There’s also a shift toward support for mission-driven technology companies, including topics that might appeal to women uniquely. I see my company DotLabs as an example of that, where women might be more excited to work for companies focused on problems that are meaningful to them. We’re working to create technology that can help women live more productive, healthy lives, and that really is the underlying motivation for everything that we do.

[OnlineEducation.com] That’s really great to hear. Apart from radiological diagnostic tools, what are some of the other applications of AI in healthcare that people can consider?

[Heather Bowerman] People really got excited about applying deep learning to healthcare for the first time during a competition that Merck sponsored in 2012. Participants were given a dataset describing the structure of different molecules. Their challenge was to build an algorithm that would predict which of those would be the most compelling candidates for drugs. The team that won that competition entered at the last minute and had no domain knowledge of biochemistry. That team used deep learning and won the entire competition.

[OnlineEducation.com] So they were computer scientists or statisticians? They had nothing to do with healthcare?

[Heather Bowerman] They were academics who happened to focus on deep learning!

[OnlineEducation.com] Wow, that’s incredible.

[Heather Bowerman] I’m also really excited about the applications of deep learning to emerging economies. They often have fewer barriers to dramatic change compared to ones which are more developed. In other words, there’s less friction when you’re coming into an emerging economy as a startup to deploy your technology.

I hope that the new generation of entrepreneurs develops solutions that can identify the best health system models—ones which avoid the problems seen in developed Western countries. I think there’s real opportunity with deep learning in healthcare to build sustainable healthcare systems in those areas.

To give a specific example from an economic forum report: they’re saying that in Nigeria, the number of positions per capita would have to increase by 12 times between now and 2030, requiring 10 times the current annual public health spending. Basically, it would take 300 years with the existing training structure for a position in order to catch up with OECD economies.

Bringing in AI is this amazing opportunity to have a positive, transformative impact on the doctor shortage there.
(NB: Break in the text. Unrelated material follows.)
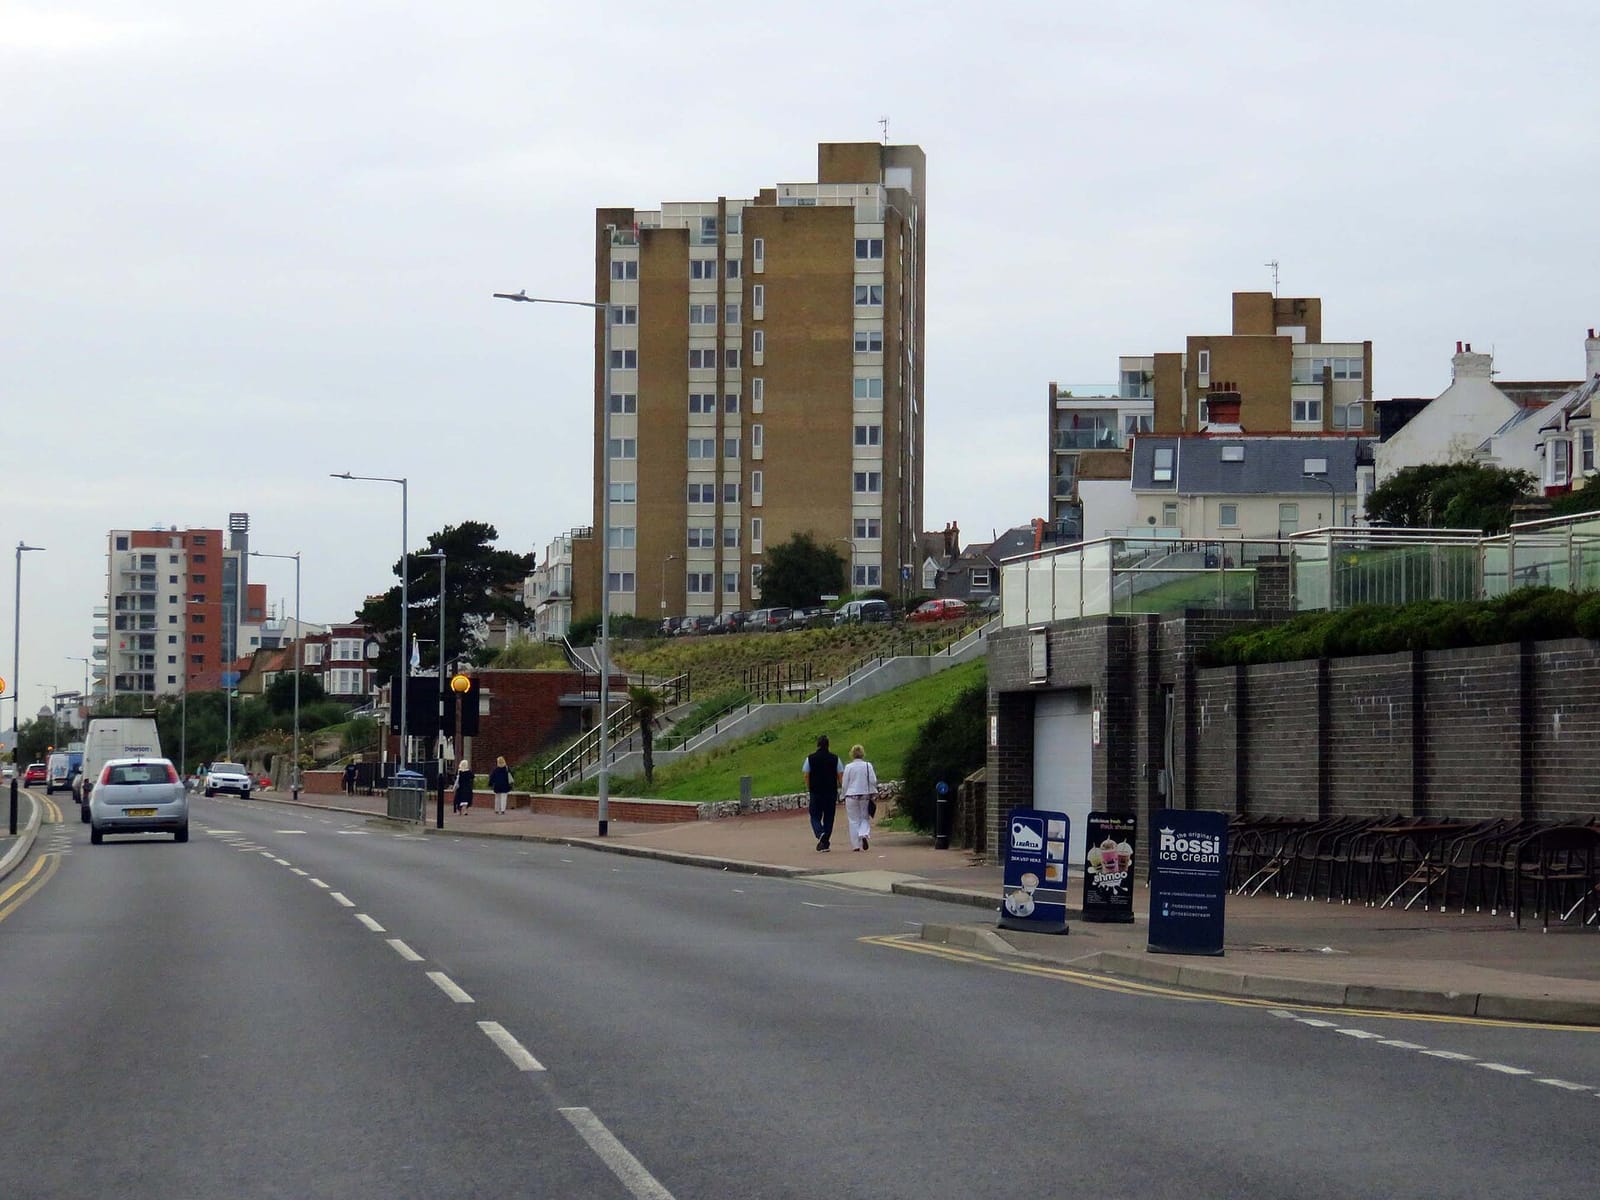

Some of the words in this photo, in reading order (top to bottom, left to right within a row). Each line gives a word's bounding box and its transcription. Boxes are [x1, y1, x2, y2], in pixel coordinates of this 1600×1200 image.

[1160, 834, 1220, 853] Rossi
[1181, 853, 1219, 863] cream
[1094, 871, 1128, 882] shmoo
There’s a choice to deploy the long, expensive and unsustainable path of developed economies to set up new health systems—or we can bring in the latest and greatest and really learn from mistakes that we’ve made in other geographies

[OnlineEducation.com] It’s exciting just thinking about the opportunities to scale and adopt health systems that the world hasn’t even seen yet.

[Heather Bowerman] There’s just so much opportunity. I can speak mostly about healthcare, but really you can apply it to any industry.

[OnlineEducation.com] Absolutely. You’ve already exacted so much positive change through all of your work. My last question is what advice do you have for women who are interested in learning more about AI and getting into the industry?

[Heather Bowerman] My biggest piece of advice would be to learn how to code. It doesn’t need to be your major in college. Or if you’re out of school: just getting your hands on whatever materials you can. There are some blogs with great resources for free courses to get the introduction to deep learning and AI.

Also, know your worth in these conversations. We have a lot of white men in AI and we know that getting deep learning into the hands of a more diverse group—women and people of color—can help bring a new point of view and new solutions to problems.

Last, think about what problems excite you and find out about companies that are working on them. What’s really helped me in my career is finding warm introductions to leaders in the field.